RELATORA: Desembargadora ANGELA TEREZINHA DE OLIVEIRA BRITO

APELANTE: DINO MAURICIO TRETTO (AUTOR)

APELANTE: OMNI S/A CREDITO FINANCIAMENTO E INVESTIMENTO (RÉU)

APELADO: OS MESMOS

RELATÓRIO

DINO MAURICIO TRETTO e OMNI S/A CREDITO FINANCIAMENTO E INVESTIMENTO interpuseram recursos de apelação contra sentença proferida nos autos da ação revisional, que julgou o pedido do consumidor nos seguintes termos (evento 17):

Em face do exposto, julgo PARCIALMENTE PROCEDENTES os pedidos formulados por DINO MAURICIO TRETTO em face de OMNI S/A CREDITO FINANCIAMENTO E INVESTIMENTO, resolvendo o mérito, forte no artigo, 487, inciso I, do CPC, para o fim de:

a) Deferir a tutela de urgência pleiteada, para determinar que a ré se abstenha de incluir o nome do autor nos cadastros restritivos de crédito pelo contrato objeto destes autos ou, caso já tenha incluído, promova a sua exclusão no prazo de 05 dias úteis, sob pena de multa diária de R$ 200,00, consolidada em 30 dias, e para assegurar a manutenção da posse do bem ao autor;

b) Declarar a ilegalidade dos juros remuneratórios contratados, limitando-os à taxa média divulgada pelo BACEN ao tempo da contratação, qual seja, de 22,34% ao ano;

c) Descaracterizar a mora desde o inadimplemento;

d) Determinar a compensação e/ou repetição de indébito dos valores pagos a maior, que deverão ser restituídos à parte autora de forma simples, devidamente atualizados pelo IGP-M desde o pagamento e com juros de mora de 1% a.m. desde citação.

Diante da sucumbência recíproca, condeno o autor e a ré ao custeio das custas processuais, metade para cada um, e dos honorários advocatícios ao procurador da parte adversa, que fixo em R$ 1.000,00 (art. 85, §8º, CPC). Suspensa a exigibilidade do pagamento em relação à parte autora, por ser beneficiária da gratuidade judiciária.

Retifique-se a natureza da ação, passando a constar como revisão de contrato.

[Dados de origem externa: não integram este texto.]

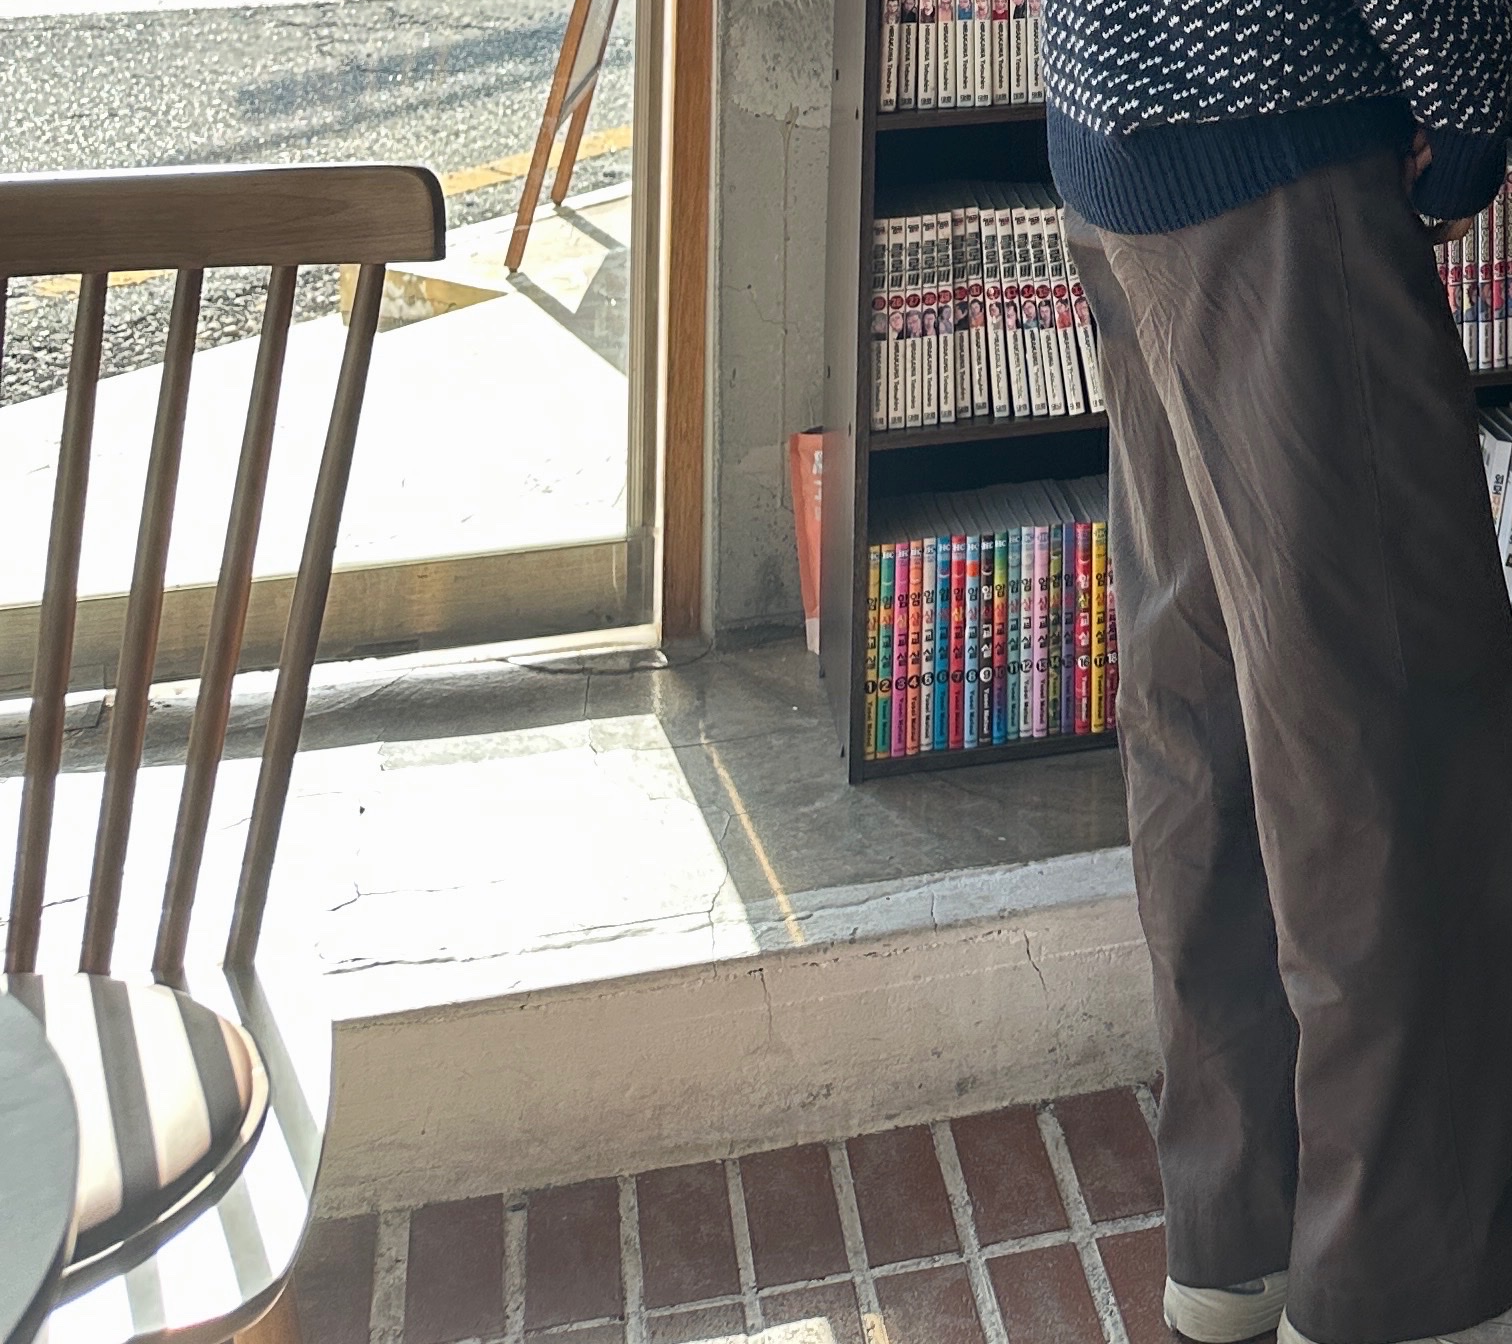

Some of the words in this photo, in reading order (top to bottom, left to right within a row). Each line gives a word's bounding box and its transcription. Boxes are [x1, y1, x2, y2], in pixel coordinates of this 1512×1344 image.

Em suas razões recursais o consumidor alegou a existência de cláusulas abusivas no contrato firmado e requereu a revisão contratual com fundamento nas regras previstas no Código de Defesa do Consumidor. Postulou a redução dos juros remuneratórios para 6% ou 12% ao ano, a exclusão da capitalização mensal dos juros, a descaracterização da mora, a compensação e a repetição de indébito e o deferimento da tutela provisória de urgência para ser mantido na posse do bem, depositar os valores entendidos como devidos e não ter seu nome inscrito nos órgãos restritivos ao crédito. Requereu, por fim, a condenação do apelado ao pagamento integral dos ônus sucumbenciais e a majoração do valor fixado para os honorários advocatícios. Pugnou pelo provimento do apelo nos termos requeridos.

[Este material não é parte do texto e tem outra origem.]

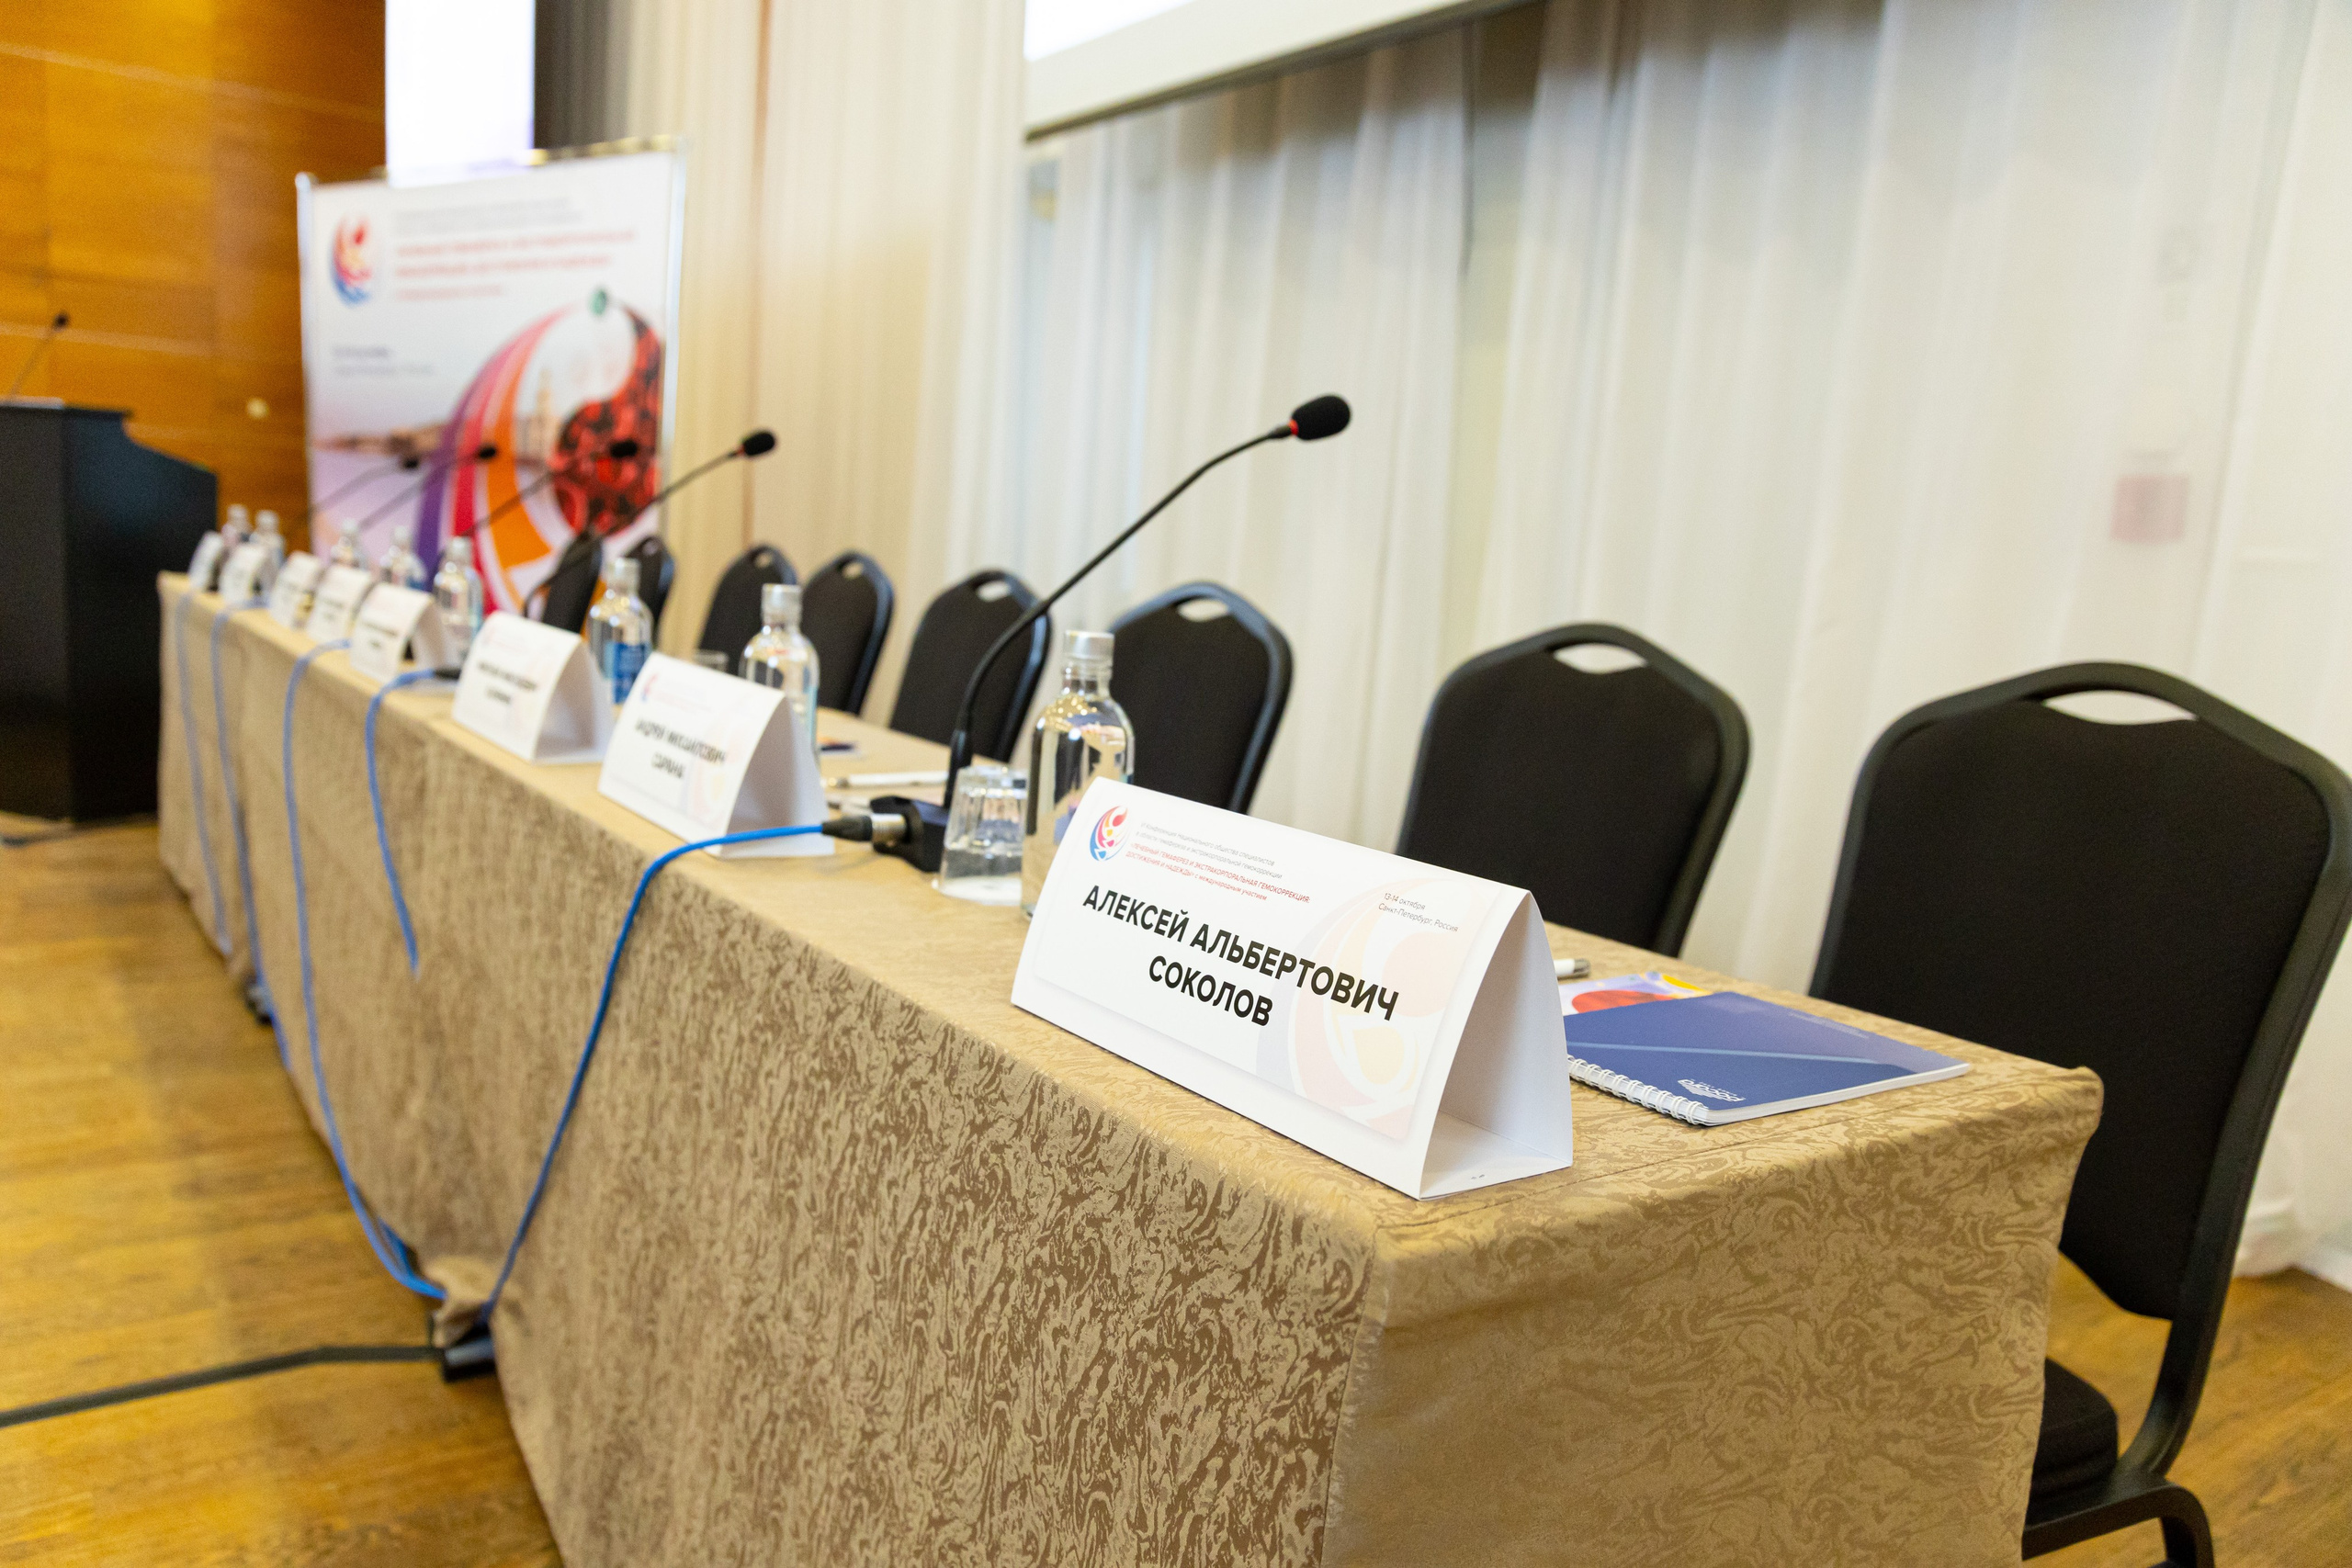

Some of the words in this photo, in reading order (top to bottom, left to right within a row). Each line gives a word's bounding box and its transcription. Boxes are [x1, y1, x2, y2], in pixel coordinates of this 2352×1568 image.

[1191, 848, 1241, 866] экстракорпоральной
[1241, 863, 1283, 879] гемокоррекции
[1214, 844, 1238, 856] общества
[1238, 852, 1275, 866] специалистов
[1125, 851, 1160, 865] ДОСТИЖЕНИЯ
[1199, 874, 1241, 892] международным
[1241, 889, 1267, 901] участием
[1159, 852, 1190, 864] ГЕМАФЕРЕЗ
[1194, 862, 1258, 887] ЭКСТРАКОРПОРАЛЬНАЯ
[1258, 882, 1310, 903] ГЕМОКОРРЕКЦИЯ:
[1378, 903, 1432, 926] Санкт-Петербург,
[1434, 919, 1458, 932] Россия
[1384, 893, 1399, 902] 13-14
[1398, 898, 1426, 910] октября
[1082, 885, 1191, 942] АЛЕКСЕЙ
[1190, 923, 1399, 1021] АЛЬБЕРТОВИЧ
[1148, 955, 1273, 1027] СОКОЛОВ

A instituição financeira, por sua vez, alegou o descabimento da pretensão revisional com base no Código de Defesa do Consumidor. Preliminarmente, arguiu a ocorrência de falta de interesse de agir do autor em face do pagamento integral do contrato e asseverou que o autor tem capacidade financeira de arcar com as despesas do processo e os honorários advocatícios sucumbenciais, devendo ser revogado o benefício da gratuidade judiciária. Sustentou que os juros remuneratórios não podem ser limitados, que não é caso de descaracterização da mora, que não há ilegalidade na cobrança de todos os encargos moratórios previstos no contrato, que não é caso de permitir a compensação e a repetição de indébito e que deve ser revogada a antecipação de tutela concedida. Requereu a reforma da sentença para julgar improcedente o pedido revisional. Pugnou pelo provimento do apelo.

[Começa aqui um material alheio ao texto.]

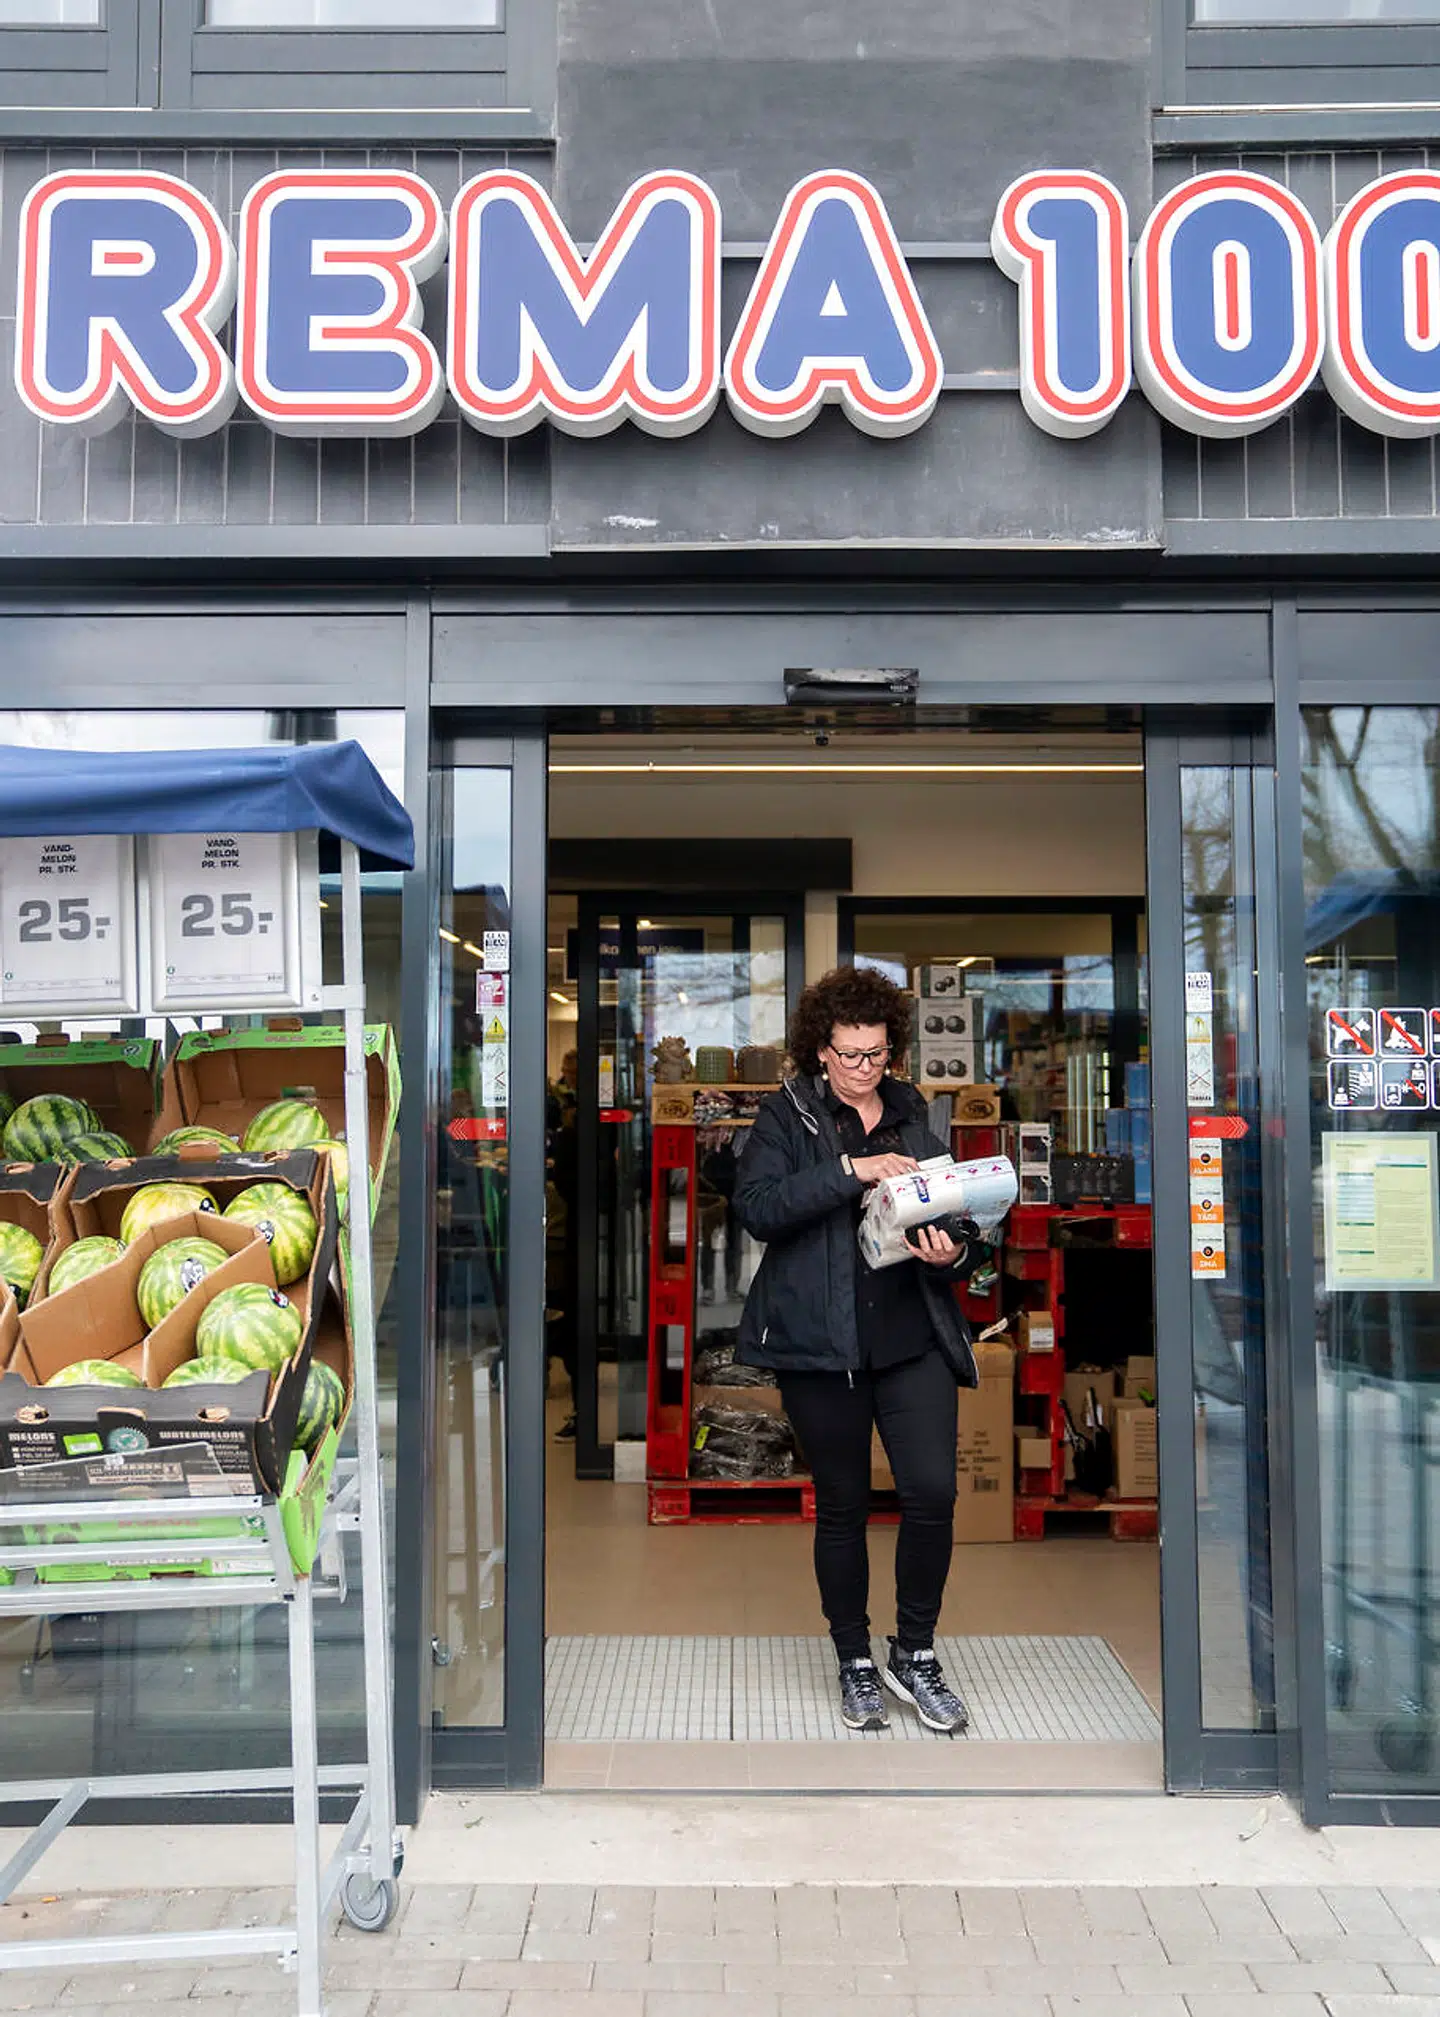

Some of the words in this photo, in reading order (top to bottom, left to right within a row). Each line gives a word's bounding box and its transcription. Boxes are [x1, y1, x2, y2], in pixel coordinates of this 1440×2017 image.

[14, 168, 944, 428] REMA
[206, 838, 237, 848] VAND-
[42, 844, 74, 853] VAND-
[204, 849, 239, 858] MELON
[41, 854, 76, 864] MELON

Somente a instituição financeira apresentou contrarrazões (evento 29).

Vieram os autos a este Tribunal.

É o relatório.

VOTO

Trata-se de recurso onde se discute a validade das cláusulas e dos encargos incidentes no contrato de outorga de crédito garantido com cláusula de alienação fiduciária (contrato de cédula de crédito bancário).

O contrato objeto do pedido revisional (nº 1.01777.0000457.18) foi firmado em 07/2018, no valor de R$ 7.004,52, onde se verifica que as partes ajustaram a incidência da taxa de juros remuneratórios de 5,82% ao mês e de 97,16% ao ano sobre o valor financiado (evento 2 - OUT - INST PROC5).

QUESTÃO PRELIMINAR

ALEGAÇÃO DE IMPOSSIBILIDADE DE REVISÃO DE CONTRATO QUITADO. INOVAÇÃO RECURSAL

De acordo com o art. 1.014 do CPC, é defeso que o Tribunal admita exame de matéria nova arguida em apelação, sem que o recorrente comprove que deixou de fazer anteriormente por motivo de força maior.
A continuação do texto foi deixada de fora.